┏━━

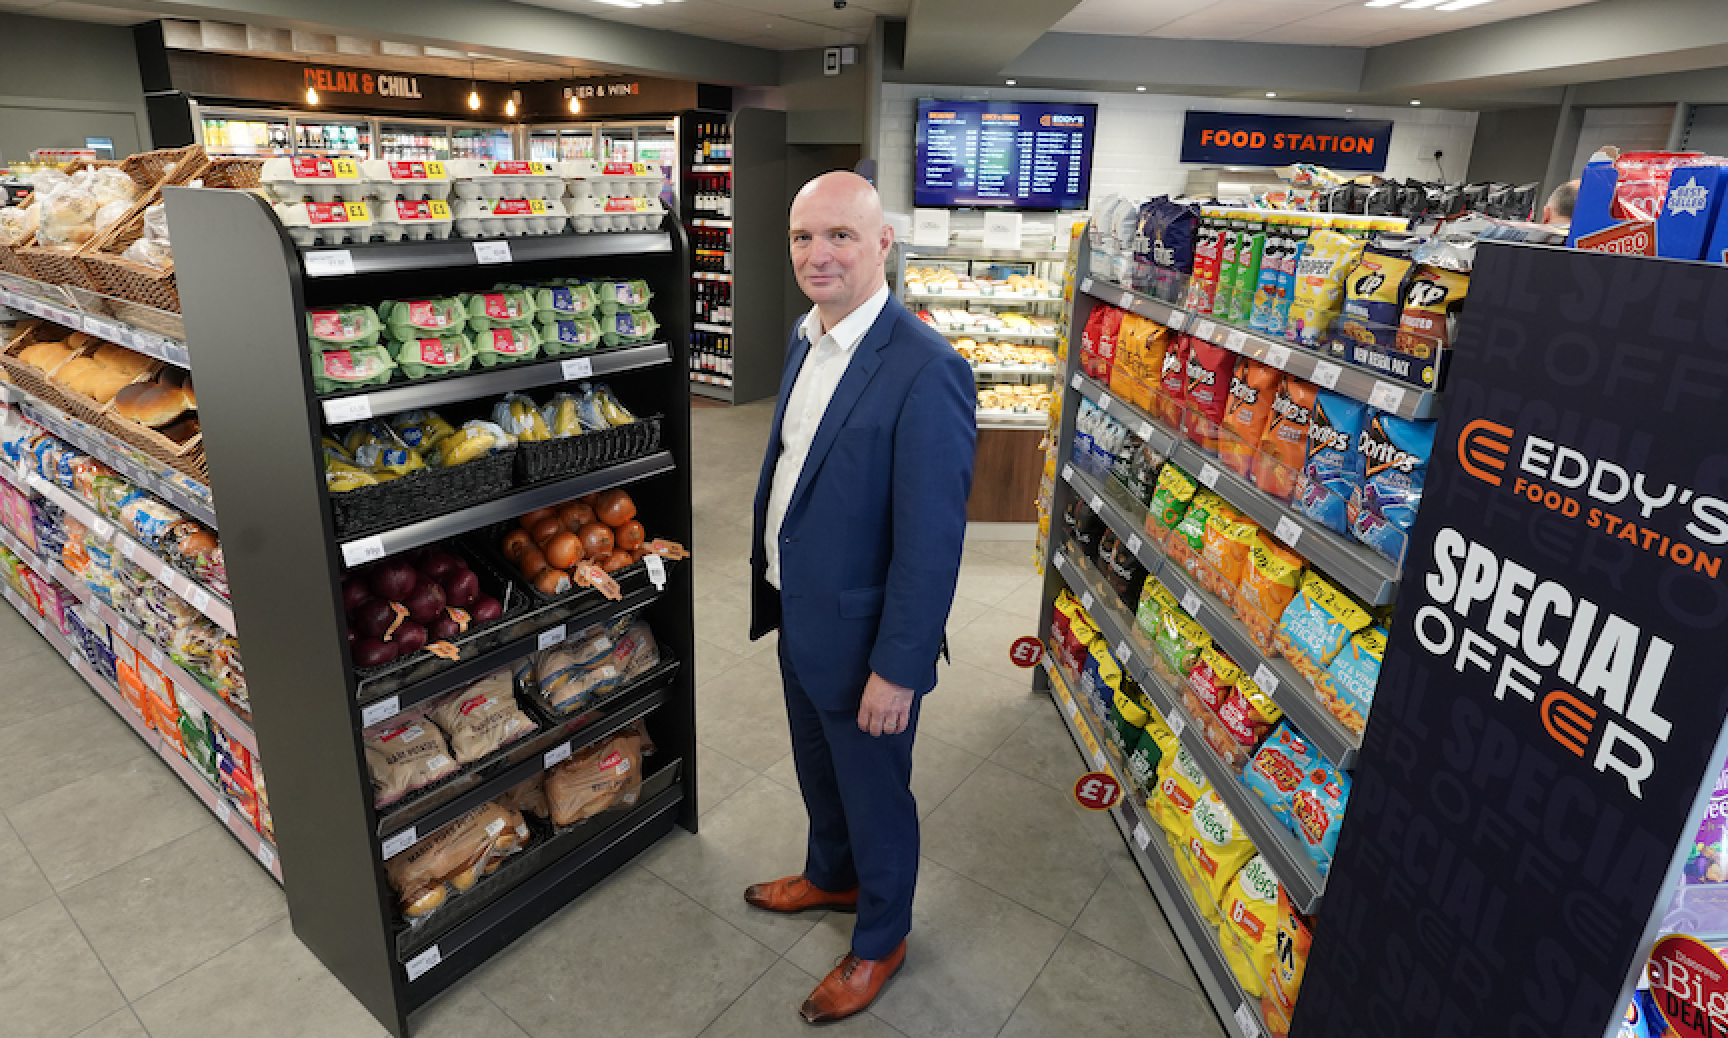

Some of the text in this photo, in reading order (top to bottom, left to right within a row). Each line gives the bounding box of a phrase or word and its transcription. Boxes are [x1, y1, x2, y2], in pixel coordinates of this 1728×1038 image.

[377, 75, 422, 98] CHILL
[563, 85, 594, 98] BER
[1201, 129, 1375, 155] FOOD STATION
[1597, 231, 1649, 257] RIBO
[1407, 280, 1445, 306] KP
[1358, 430, 1424, 473] Doritos
[1519, 434, 1728, 546] EDDY'S
[1513, 477, 1581, 518] FOOD
[1587, 507, 1723, 579] STATION
[1425, 527, 1674, 742] SPECIAL
[1013, 641, 1042, 663] £1
[1413, 605, 1655, 800] OFFER
[1079, 779, 1117, 805] £1

┗━━

WORK TASK - Return an exact transcription of the material, with its pictures left out.

OUTPUT FOR THIS EXERCISE -
Some of the text in this photo, in reading order (top to bottom, left to right within a row). Each line gives the bounding box of a phrase or word and its transcription. Boxes are [x1, y1, x2, y2], in pixel coordinates of this 1728×1038 image.

[377, 75, 422, 98] CHILL
[563, 85, 594, 98] BER
[1201, 129, 1375, 155] FOOD STATION
[1597, 231, 1649, 257] RIBO
[1407, 280, 1445, 306] KP
[1358, 430, 1424, 473] Doritos
[1519, 434, 1728, 546] EDDY'S
[1513, 477, 1581, 518] FOOD
[1587, 507, 1723, 579] STATION
[1425, 527, 1674, 742] SPECIAL
[1013, 641, 1042, 663] £1
[1413, 605, 1655, 800] OFFER
[1079, 779, 1117, 805] £1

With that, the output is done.